====== EXTRACTED MATERIAL ======

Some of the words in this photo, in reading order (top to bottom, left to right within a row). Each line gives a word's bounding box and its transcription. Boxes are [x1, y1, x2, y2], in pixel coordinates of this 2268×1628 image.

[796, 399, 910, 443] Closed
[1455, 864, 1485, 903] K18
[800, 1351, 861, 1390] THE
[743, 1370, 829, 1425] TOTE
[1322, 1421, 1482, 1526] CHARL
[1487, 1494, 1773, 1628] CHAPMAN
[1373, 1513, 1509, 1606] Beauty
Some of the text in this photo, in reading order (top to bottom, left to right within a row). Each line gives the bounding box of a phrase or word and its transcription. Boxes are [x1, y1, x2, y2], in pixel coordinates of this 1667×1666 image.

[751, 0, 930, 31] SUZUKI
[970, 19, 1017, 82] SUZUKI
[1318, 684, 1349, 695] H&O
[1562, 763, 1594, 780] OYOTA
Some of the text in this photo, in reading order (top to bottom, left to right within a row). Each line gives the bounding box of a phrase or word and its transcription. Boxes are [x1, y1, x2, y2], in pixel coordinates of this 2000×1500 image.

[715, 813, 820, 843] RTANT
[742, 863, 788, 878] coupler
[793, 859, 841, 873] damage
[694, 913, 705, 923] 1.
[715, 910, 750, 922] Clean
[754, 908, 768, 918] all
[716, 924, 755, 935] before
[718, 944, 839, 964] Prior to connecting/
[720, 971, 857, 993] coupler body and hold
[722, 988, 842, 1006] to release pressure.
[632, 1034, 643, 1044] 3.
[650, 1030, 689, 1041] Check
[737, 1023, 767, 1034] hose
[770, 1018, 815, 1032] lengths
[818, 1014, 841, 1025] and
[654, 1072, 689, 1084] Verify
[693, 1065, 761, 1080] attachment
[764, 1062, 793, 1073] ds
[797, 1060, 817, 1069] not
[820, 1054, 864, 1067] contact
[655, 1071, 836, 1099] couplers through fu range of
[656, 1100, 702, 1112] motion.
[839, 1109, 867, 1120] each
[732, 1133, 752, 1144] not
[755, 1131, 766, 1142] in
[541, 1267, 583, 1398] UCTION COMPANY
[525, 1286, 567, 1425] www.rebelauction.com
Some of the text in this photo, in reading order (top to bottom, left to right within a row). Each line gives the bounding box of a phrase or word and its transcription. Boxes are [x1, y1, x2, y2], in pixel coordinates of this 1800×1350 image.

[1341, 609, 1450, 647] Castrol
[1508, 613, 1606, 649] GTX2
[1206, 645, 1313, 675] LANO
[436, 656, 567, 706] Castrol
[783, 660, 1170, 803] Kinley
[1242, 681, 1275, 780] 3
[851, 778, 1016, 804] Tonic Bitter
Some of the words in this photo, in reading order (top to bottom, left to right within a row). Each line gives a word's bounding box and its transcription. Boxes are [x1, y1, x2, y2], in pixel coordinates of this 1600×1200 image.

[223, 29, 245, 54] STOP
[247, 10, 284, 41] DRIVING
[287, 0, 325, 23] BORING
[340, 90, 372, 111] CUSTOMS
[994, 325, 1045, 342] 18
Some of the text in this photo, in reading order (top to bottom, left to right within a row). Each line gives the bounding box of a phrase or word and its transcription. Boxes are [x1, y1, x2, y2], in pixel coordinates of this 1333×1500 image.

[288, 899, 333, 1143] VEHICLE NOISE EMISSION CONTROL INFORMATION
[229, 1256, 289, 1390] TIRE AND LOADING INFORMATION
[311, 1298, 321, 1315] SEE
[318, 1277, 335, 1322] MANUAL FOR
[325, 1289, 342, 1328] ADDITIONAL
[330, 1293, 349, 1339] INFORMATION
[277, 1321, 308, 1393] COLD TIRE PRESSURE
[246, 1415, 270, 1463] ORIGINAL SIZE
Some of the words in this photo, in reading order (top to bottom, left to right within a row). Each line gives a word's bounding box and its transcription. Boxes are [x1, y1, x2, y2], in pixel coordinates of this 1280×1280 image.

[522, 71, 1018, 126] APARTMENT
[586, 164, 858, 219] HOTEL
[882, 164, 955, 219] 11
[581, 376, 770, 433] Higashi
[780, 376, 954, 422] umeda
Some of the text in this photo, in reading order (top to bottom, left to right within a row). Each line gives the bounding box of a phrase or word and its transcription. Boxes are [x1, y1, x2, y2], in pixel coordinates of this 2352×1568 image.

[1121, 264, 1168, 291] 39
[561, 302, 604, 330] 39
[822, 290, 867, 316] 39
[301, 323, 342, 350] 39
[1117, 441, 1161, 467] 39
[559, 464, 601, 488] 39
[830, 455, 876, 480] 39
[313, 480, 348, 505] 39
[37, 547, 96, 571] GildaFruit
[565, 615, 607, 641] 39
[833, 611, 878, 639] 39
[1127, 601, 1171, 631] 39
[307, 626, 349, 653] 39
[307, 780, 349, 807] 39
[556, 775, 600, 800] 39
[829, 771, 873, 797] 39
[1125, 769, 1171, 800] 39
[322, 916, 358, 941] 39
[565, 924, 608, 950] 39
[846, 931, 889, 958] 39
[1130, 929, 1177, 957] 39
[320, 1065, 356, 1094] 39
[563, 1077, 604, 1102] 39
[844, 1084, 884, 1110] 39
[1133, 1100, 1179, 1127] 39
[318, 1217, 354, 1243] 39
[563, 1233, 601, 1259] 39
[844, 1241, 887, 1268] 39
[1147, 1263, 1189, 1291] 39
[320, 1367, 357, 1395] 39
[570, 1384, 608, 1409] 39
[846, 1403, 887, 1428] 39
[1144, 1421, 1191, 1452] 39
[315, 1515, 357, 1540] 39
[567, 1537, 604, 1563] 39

======

**EXERCISE REQUIREMENTS**: Could you copy the listing above word for word?

**OUTPUT BELOW**:
Some of the words in this photo, in reading order (top to bottom, left to right within a row). Each line gives a word's bounding box and its transcription. Boxes are [x1, y1, x2, y2], in pixel coordinates of this 2268×1628 image.

[796, 399, 910, 443] Closed
[1455, 864, 1485, 903] K18
[800, 1351, 861, 1390] THE
[743, 1370, 829, 1425] TOTE
[1322, 1421, 1482, 1526] CHARL
[1487, 1494, 1773, 1628] CHAPMAN
[1373, 1513, 1509, 1606] Beauty
Some of the text in this photo, in reading order (top to bottom, left to right within a row). Each line gives the bounding box of a phrase or word and its transcription. Boxes are [x1, y1, x2, y2], in pixel coordinates of this 1667×1666 image.

[751, 0, 930, 31] SUZUKI
[970, 19, 1017, 82] SUZUKI
[1318, 684, 1349, 695] H&O
[1562, 763, 1594, 780] OYOTA
Some of the text in this photo, in reading order (top to bottom, left to right within a row). Each line gives the bounding box of a phrase or word and its transcription. Boxes are [x1, y1, x2, y2], in pixel coordinates of this 2000×1500 image.

[715, 813, 820, 843] RTANT
[742, 863, 788, 878] coupler
[793, 859, 841, 873] damage
[694, 913, 705, 923] 1.
[715, 910, 750, 922] Clean
[754, 908, 768, 918] all
[716, 924, 755, 935] before
[718, 944, 839, 964] Prior to connecting/
[720, 971, 857, 993] coupler body and hold
[722, 988, 842, 1006] to release pressure.
[632, 1034, 643, 1044] 3.
[650, 1030, 689, 1041] Check
[737, 1023, 767, 1034] hose
[770, 1018, 815, 1032] lengths
[818, 1014, 841, 1025] and
[654, 1072, 689, 1084] Verify
[693, 1065, 761, 1080] attachment
[764, 1062, 793, 1073] ds
[797, 1060, 817, 1069] not
[820, 1054, 864, 1067] contact
[655, 1071, 836, 1099] couplers through fu range of
[656, 1100, 702, 1112] motion.
[839, 1109, 867, 1120] each
[732, 1133, 752, 1144] not
[755, 1131, 766, 1142] in
[541, 1267, 583, 1398] UCTION COMPANY
[525, 1286, 567, 1425] www.rebelauction.com
Some of the text in this photo, in reading order (top to bottom, left to right within a row). Each line gives the bounding box of a phrase or word and its transcription. Boxes are [x1, y1, x2, y2], in pixel coordinates of this 1800×1350 image.

[1341, 609, 1450, 647] Castrol
[1508, 613, 1606, 649] GTX2
[1206, 645, 1313, 675] LANO
[436, 656, 567, 706] Castrol
[783, 660, 1170, 803] Kinley
[1242, 681, 1275, 780] 3
[851, 778, 1016, 804] Tonic Bitter
Some of the words in this photo, in reading order (top to bottom, left to right within a row). Each line gives a word's bounding box and its transcription. Boxes are [x1, y1, x2, y2], in pixel coordinates of this 1600×1200 image.

[223, 29, 245, 54] STOP
[247, 10, 284, 41] DRIVING
[287, 0, 325, 23] BORING
[340, 90, 372, 111] CUSTOMS
[994, 325, 1045, 342] 18
Some of the text in this photo, in reading order (top to bottom, left to right within a row). Each line gives the bounding box of a phrase or word and its transcription. Boxes are [x1, y1, x2, y2], in pixel coordinates of this 1333×1500 image.

[288, 899, 333, 1143] VEHICLE NOISE EMISSION CONTROL INFORMATION
[229, 1256, 289, 1390] TIRE AND LOADING INFORMATION
[311, 1298, 321, 1315] SEE
[318, 1277, 335, 1322] MANUAL FOR
[325, 1289, 342, 1328] ADDITIONAL
[330, 1293, 349, 1339] INFORMATION
[277, 1321, 308, 1393] COLD TIRE PRESSURE
[246, 1415, 270, 1463] ORIGINAL SIZE
Some of the words in this photo, in reading order (top to bottom, left to right within a row). Each line gives a word's bounding box and its transcription. Boxes are [x1, y1, x2, y2], in pixel coordinates of this 1280×1280 image.

[522, 71, 1018, 126] APARTMENT
[586, 164, 858, 219] HOTEL
[882, 164, 955, 219] 11
[581, 376, 770, 433] Higashi
[780, 376, 954, 422] umeda
Some of the text in this photo, in reading order (top to bottom, left to right within a row). Each line gives the bounding box of a phrase or word and its transcription. Boxes are [x1, y1, x2, y2], in pixel coordinates of this 2352×1568 image.

[1121, 264, 1168, 291] 39
[561, 302, 604, 330] 39
[822, 290, 867, 316] 39
[301, 323, 342, 350] 39
[1117, 441, 1161, 467] 39
[559, 464, 601, 488] 39
[830, 455, 876, 480] 39
[313, 480, 348, 505] 39
[37, 547, 96, 571] GildaFruit
[565, 615, 607, 641] 39
[833, 611, 878, 639] 39
[1127, 601, 1171, 631] 39
[307, 626, 349, 653] 39
[307, 780, 349, 807] 39
[556, 775, 600, 800] 39
[829, 771, 873, 797] 39
[1125, 769, 1171, 800] 39
[322, 916, 358, 941] 39
[565, 924, 608, 950] 39
[846, 931, 889, 958] 39
[1130, 929, 1177, 957] 39
[320, 1065, 356, 1094] 39
[563, 1077, 604, 1102] 39
[844, 1084, 884, 1110] 39
[1133, 1100, 1179, 1127] 39
[318, 1217, 354, 1243] 39
[563, 1233, 601, 1259] 39
[844, 1241, 887, 1268] 39
[1147, 1263, 1189, 1291] 39
[320, 1367, 357, 1395] 39
[570, 1384, 608, 1409] 39
[846, 1403, 887, 1428] 39
[1144, 1421, 1191, 1452] 39
[315, 1515, 357, 1540] 39
[567, 1537, 604, 1563] 39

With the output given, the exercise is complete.